• _Data for this exercise_
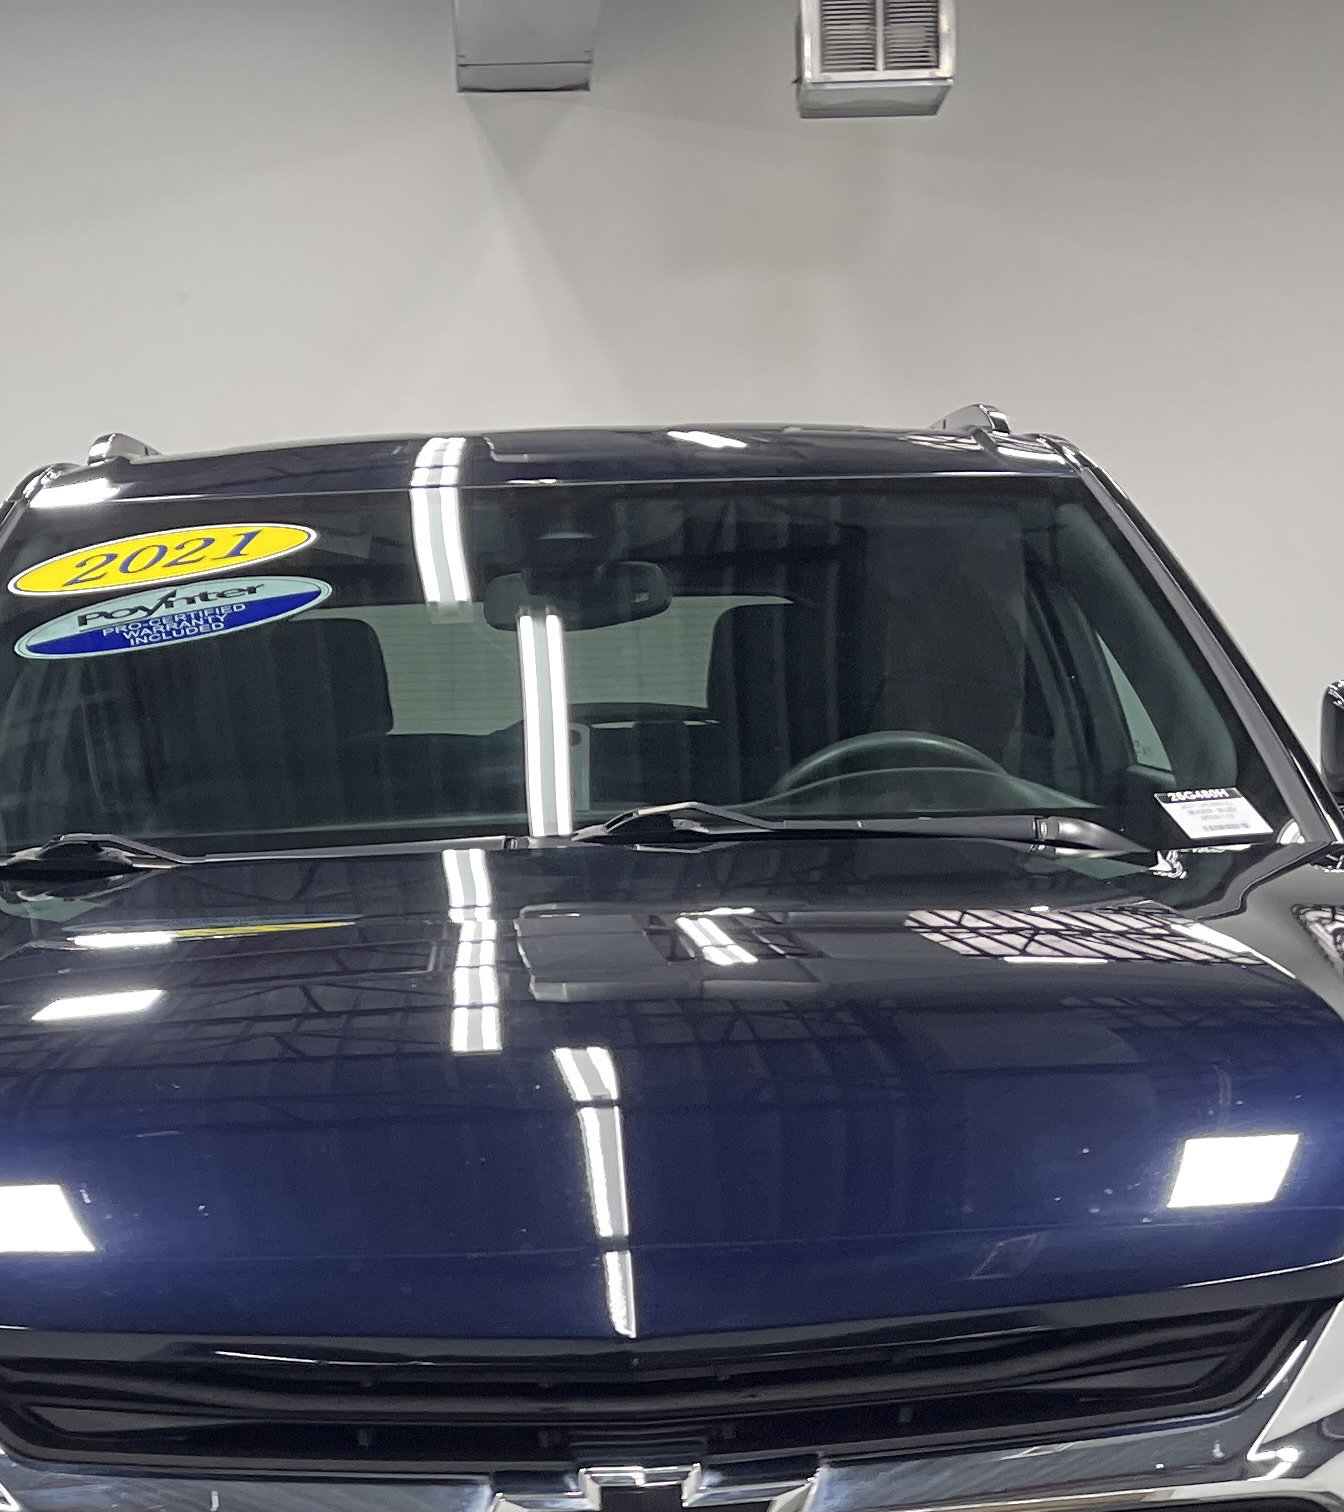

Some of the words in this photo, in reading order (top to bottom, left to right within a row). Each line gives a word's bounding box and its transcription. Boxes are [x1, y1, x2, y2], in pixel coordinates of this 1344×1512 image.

[62, 530, 264, 586] 2021
[77, 584, 265, 626] Poynter
[103, 604, 246, 637] PRO-CERTIFIED
[122, 614, 228, 639] WARRANTY
[129, 623, 224, 646] INCLUDED

• _Exercise prompt_
Write every line above again exactly, but leave the pictures out.

• _Expected answer_
Some of the words in this photo, in reading order (top to bottom, left to right within a row). Each line gives a word's bounding box and its transcription. Boxes are [x1, y1, x2, y2], in pixel coordinates of this 1344×1512 image.

[62, 530, 264, 586] 2021
[77, 584, 265, 626] Poynter
[103, 604, 246, 637] PRO-CERTIFIED
[122, 614, 228, 639] WARRANTY
[129, 623, 224, 646] INCLUDED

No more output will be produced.